> _To do_: Give the listing below again exactly, but without any of its pictures.
*** Opening Dataset ***
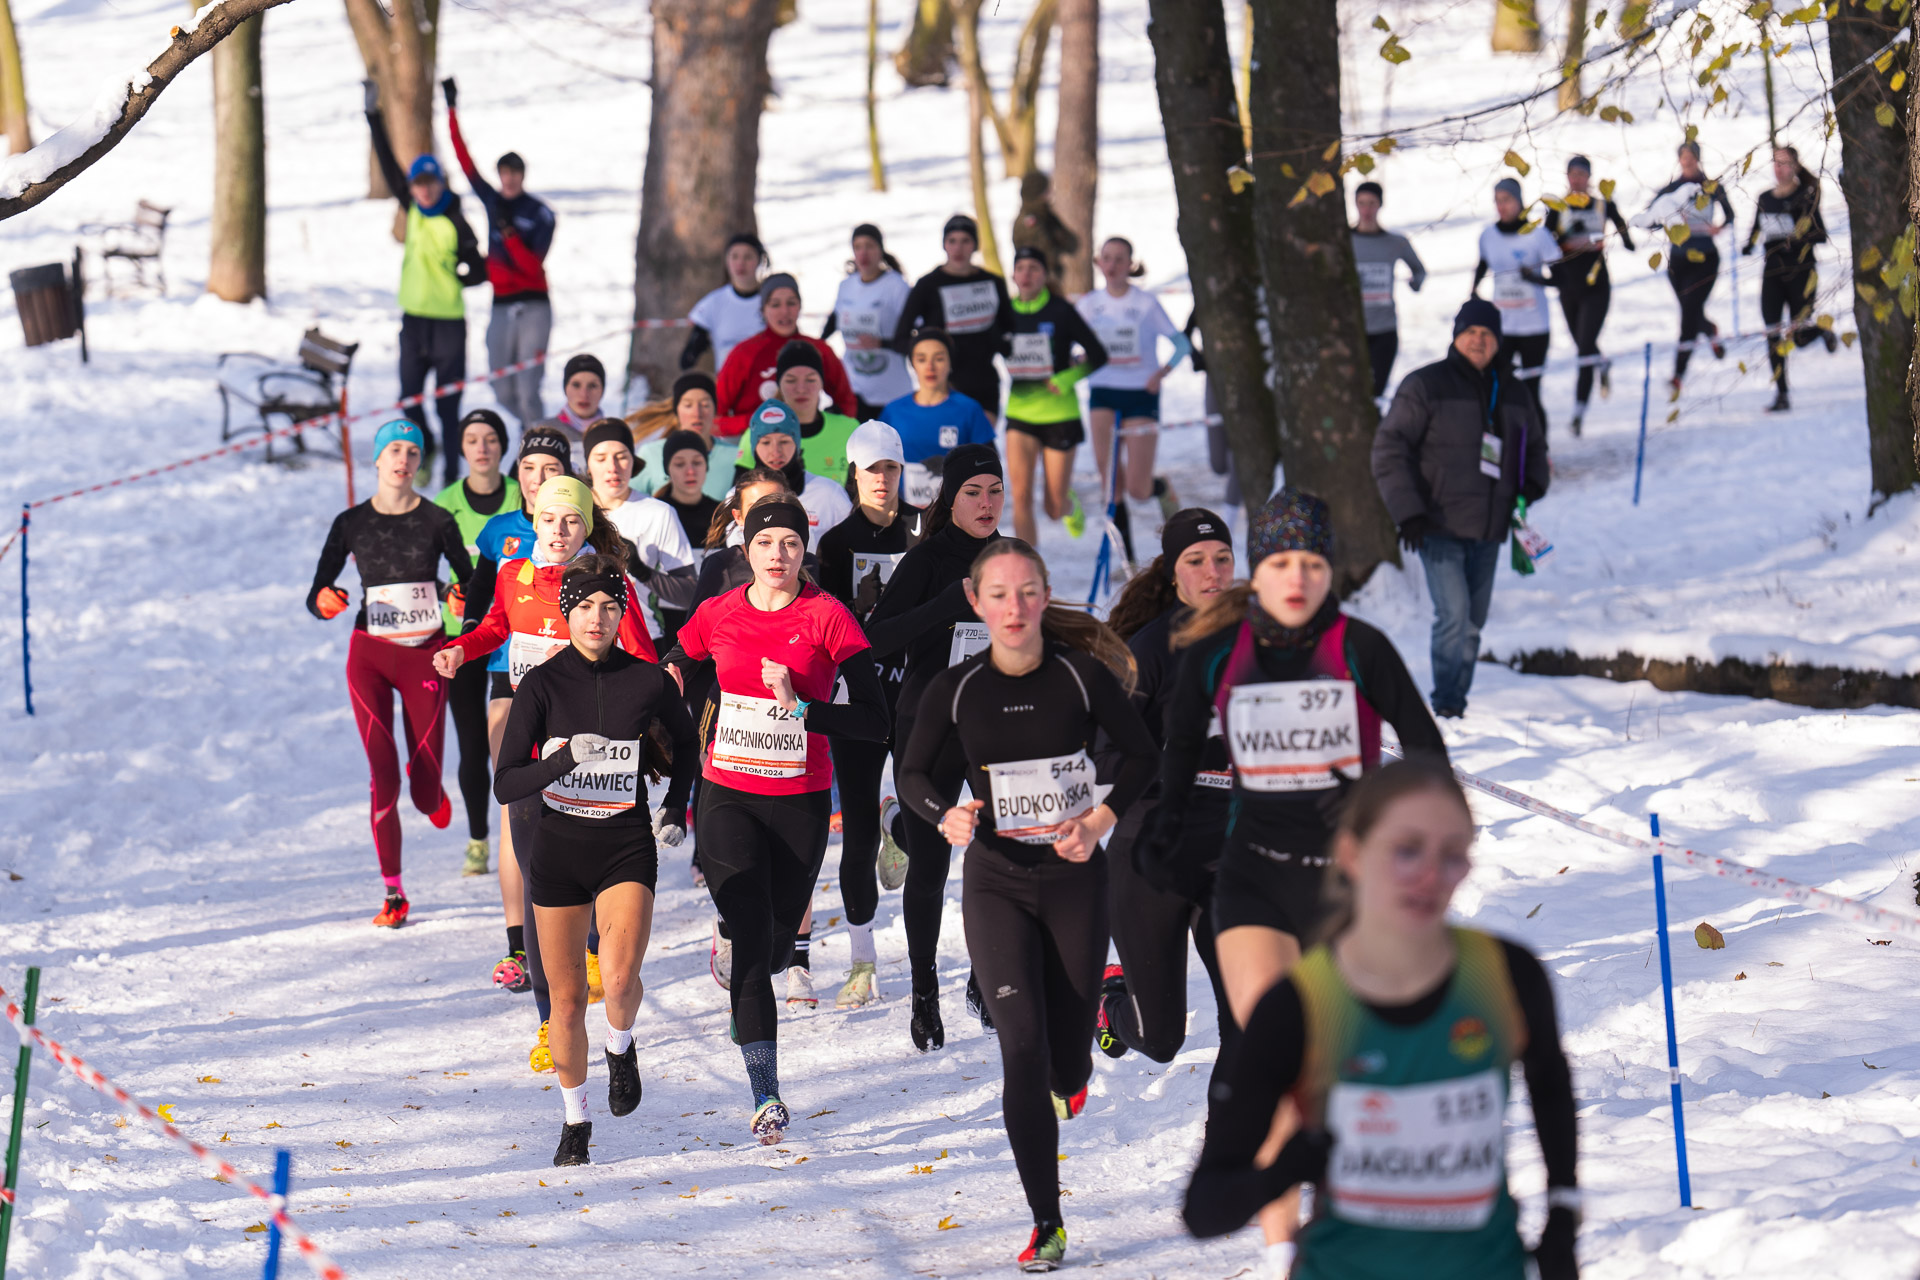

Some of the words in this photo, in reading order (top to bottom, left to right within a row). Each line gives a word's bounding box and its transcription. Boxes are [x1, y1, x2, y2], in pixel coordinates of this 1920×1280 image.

[527, 437, 567, 453] RUN
[412, 586, 427, 599] 31
[371, 609, 437, 626] HARASYM
[965, 629, 978, 637] 770
[513, 662, 539, 677] ŁA
[1299, 688, 1343, 710] 397
[719, 726, 804, 751] MACHNIKOWSKA
[1236, 724, 1352, 752] WALCZAK
[733, 765, 762, 774] BYTOM
[763, 769, 783, 777] 2024
[1050, 758, 1087, 779] 544
[1208, 777, 1231, 786] 2024
[998, 782, 1091, 818] BUDKOWSKA
[559, 804, 589, 815] BYTOM
*** Closing Dataset ***
> _Result_:
Some of the words in this photo, in reading order (top to bottom, left to right within a row). Each line gives a word's bounding box and its transcription. Boxes are [x1, y1, x2, y2], in pixel coordinates of this 1920×1280 image.

[527, 437, 567, 453] RUN
[412, 586, 427, 599] 31
[371, 609, 437, 626] HARASYM
[965, 629, 978, 637] 770
[513, 662, 539, 677] ŁA
[1299, 688, 1343, 710] 397
[719, 726, 804, 751] MACHNIKOWSKA
[1236, 724, 1352, 752] WALCZAK
[733, 765, 762, 774] BYTOM
[763, 769, 783, 777] 2024
[1050, 758, 1087, 779] 544
[1208, 777, 1231, 786] 2024
[998, 782, 1091, 818] BUDKOWSKA
[559, 804, 589, 815] BYTOM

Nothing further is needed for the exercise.